Hulu Joins Fight to Stop “TV Everywhere” Trademark Registration

tv_remote_control-150x150 Orange County – Hulu, the subscription-based ad-supported website that streams videos of television shows, movies, and webisodes, has recently joined in a fight to stop Dish Network’s registration of the trademark “TV Everywhere.”

Co-owned by the Walt Disney Co., News Corp., and NBC Universal, Hulu filed a formal opposition with the United States Patent and Trademark Office and Appeal Board on February 29, claiming that Dish Network’s “TV Everywhere” is merely descriptive and too generic of a term to be a trademark. Hulu also contends that allowing Dish Network to obtain exclusive trademark rights to the term would infringe on its business platforms, namely advertising and subscription-based video-on-demand services.

The platforms for the TV Everywhere service are designed to allow authenticated pay-TV subscribers to access on-demand (and some live) programming 24/7 on multiple consumer electronics devices around the home. Supporters for TV Everywhere, which include Time Warner Cable and Comcast, insist that the new platform is a solution to subscription-based services like Netflix, Hulu, and Amazon Prime.

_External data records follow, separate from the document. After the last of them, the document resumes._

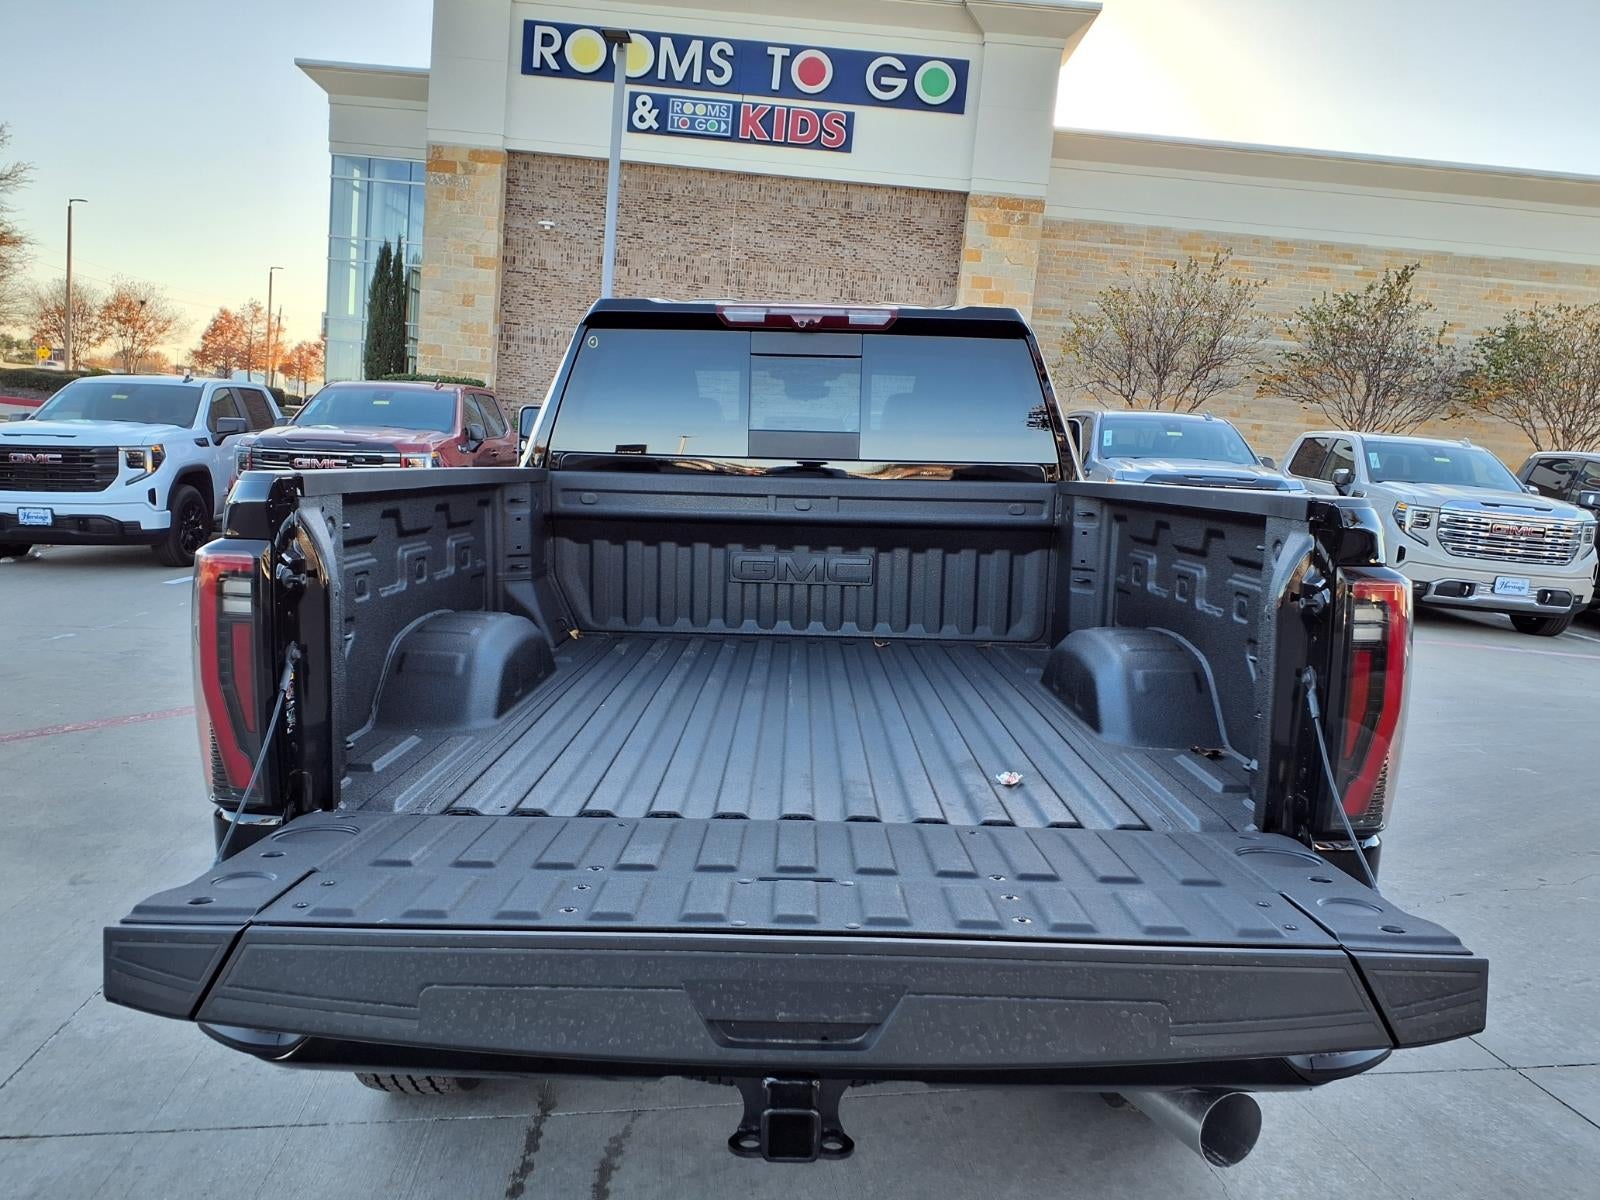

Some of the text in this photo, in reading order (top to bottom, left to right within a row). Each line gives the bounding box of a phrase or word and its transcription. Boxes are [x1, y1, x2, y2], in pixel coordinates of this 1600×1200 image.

[532, 24, 957, 105] ROOMS TO GO
[632, 94, 659, 130] &
[673, 101, 728, 118] ROOMS
[673, 116, 719, 131] TO GO
[739, 103, 848, 149] KIDS
[8, 452, 63, 464] GMC
[293, 457, 348, 469] GMC
[1492, 524, 1545, 537] GMC
[732, 554, 872, 583] GMC

Colorado-based Dish Network, which owns the flailing Blockbuster LLC, filed a trademark application in 2009 for “TV Everywhere” to cover all areas of television transmission, including Internet-transmitted content, streaming, data transmissions and file sharing across multiple electronic devices on a network. Dish Network is also reportedly attempting to secure trademark rights for a term that is synonymous with the developing technology in home entertainment and how viewers receive their consumer content from television. The satellite TV operator currently markets the Slingbox and SlingPlayer to stream, rather than download, content to mobile and connected devices both in and out of the home.

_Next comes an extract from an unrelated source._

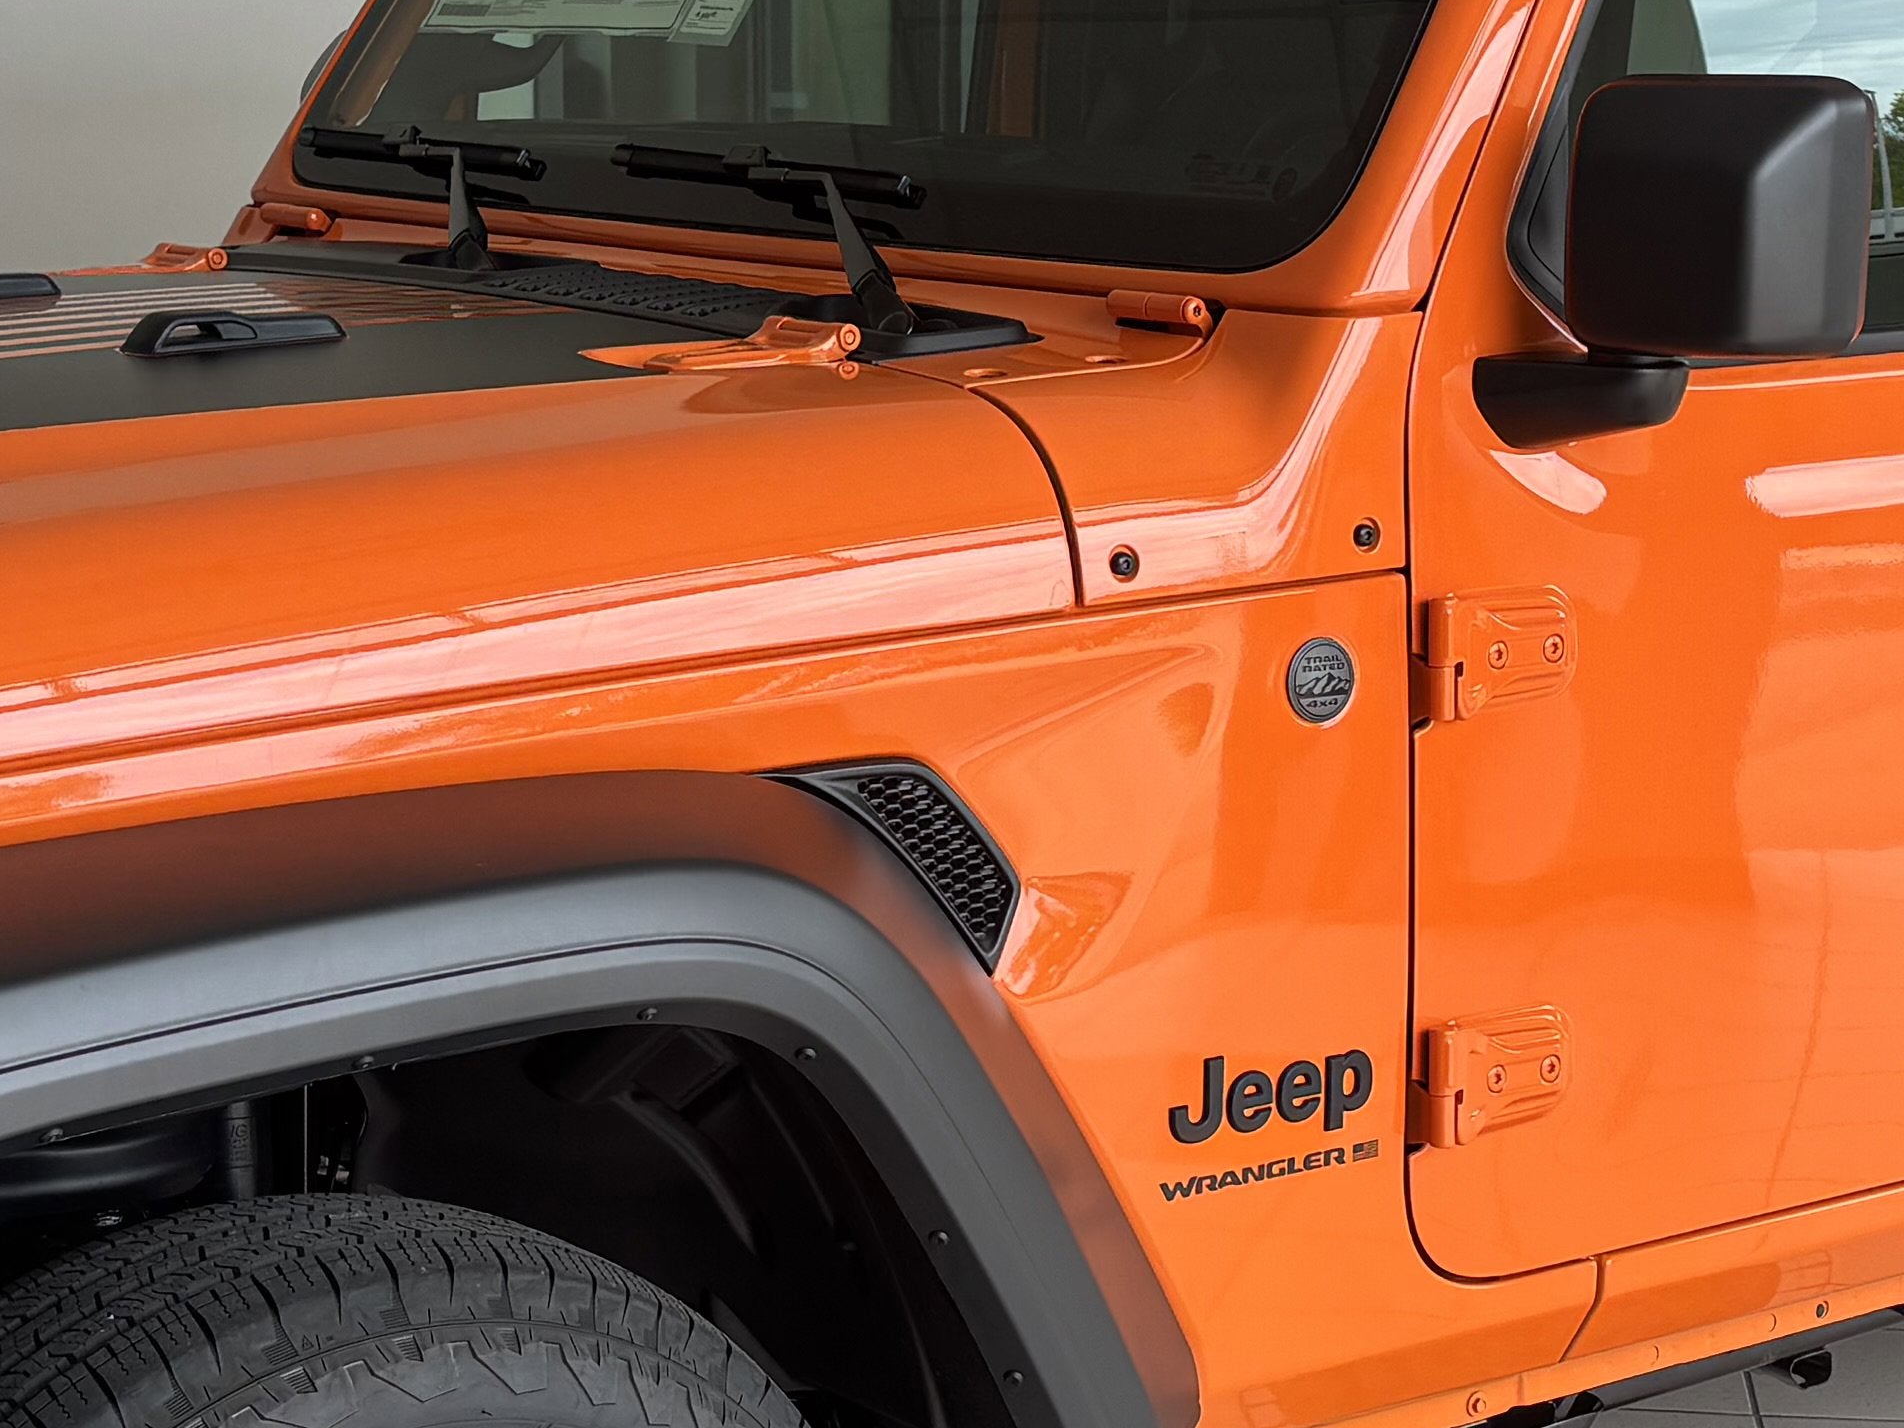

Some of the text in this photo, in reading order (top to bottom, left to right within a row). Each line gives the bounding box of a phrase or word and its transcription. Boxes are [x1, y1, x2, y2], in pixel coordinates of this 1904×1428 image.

[1302, 663, 1345, 673] RATED
[1304, 655, 1342, 664] TRAIL
[1168, 1049, 1373, 1144] Jeep
[1159, 1147, 1346, 1201] WRANGLER

The TV Everywhere platform has been slow to gain momentum as MVPD service providers like cable television providers, direct-broadcast satellite providers, and wireline video providers struggle with content owners seeking additional revenue for unlimited access.

In an ironic twist to the fight, Hulu co-owners Disney and News Corp. have demanded that content designated for TV Everywhere also be available on Hulu, a concept that is under fire from Time Warner and CBS Corp. CBS is reportedly in opposition to Hulu being an advertisement-supported service, however CBS does support the subscription-based Hulu Plus due to its more lucrative content licensing agreements.